The task — Could you copy every record exactly, leaving the pictures behind?

Collected data
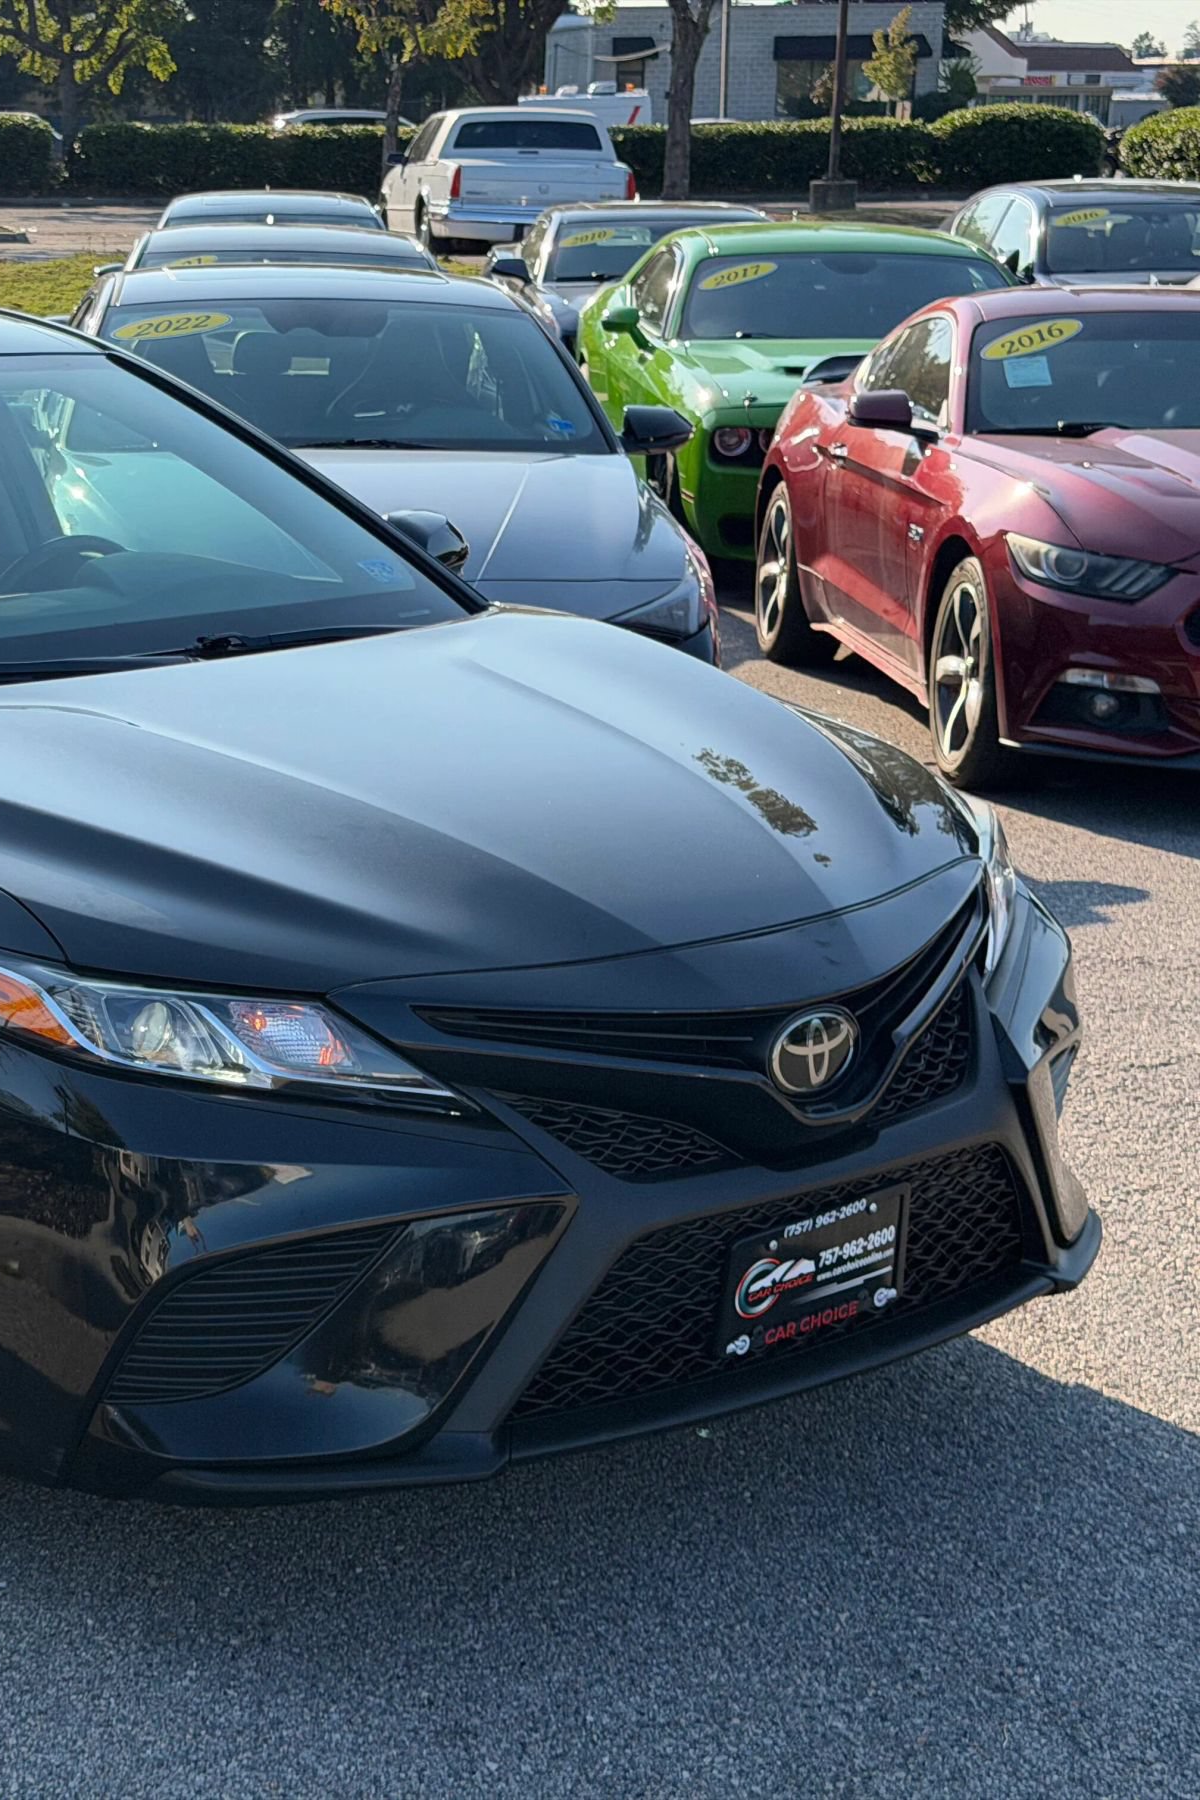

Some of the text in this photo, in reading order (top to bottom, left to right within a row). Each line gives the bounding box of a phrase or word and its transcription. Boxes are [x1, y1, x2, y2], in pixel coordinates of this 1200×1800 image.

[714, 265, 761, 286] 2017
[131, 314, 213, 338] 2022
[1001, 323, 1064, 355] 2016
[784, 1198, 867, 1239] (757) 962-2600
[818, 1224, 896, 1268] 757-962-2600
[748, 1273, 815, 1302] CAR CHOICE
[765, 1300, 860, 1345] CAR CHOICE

Response —
Some of the text in this photo, in reading order (top to bottom, left to right within a row). Each line gives the bounding box of a phrase or word and its transcription. Boxes are [x1, y1, x2, y2], in pixel coordinates of this 1200×1800 image.

[714, 265, 761, 286] 2017
[131, 314, 213, 338] 2022
[1001, 323, 1064, 355] 2016
[784, 1198, 867, 1239] (757) 962-2600
[818, 1224, 896, 1268] 757-962-2600
[748, 1273, 815, 1302] CAR CHOICE
[765, 1300, 860, 1345] CAR CHOICE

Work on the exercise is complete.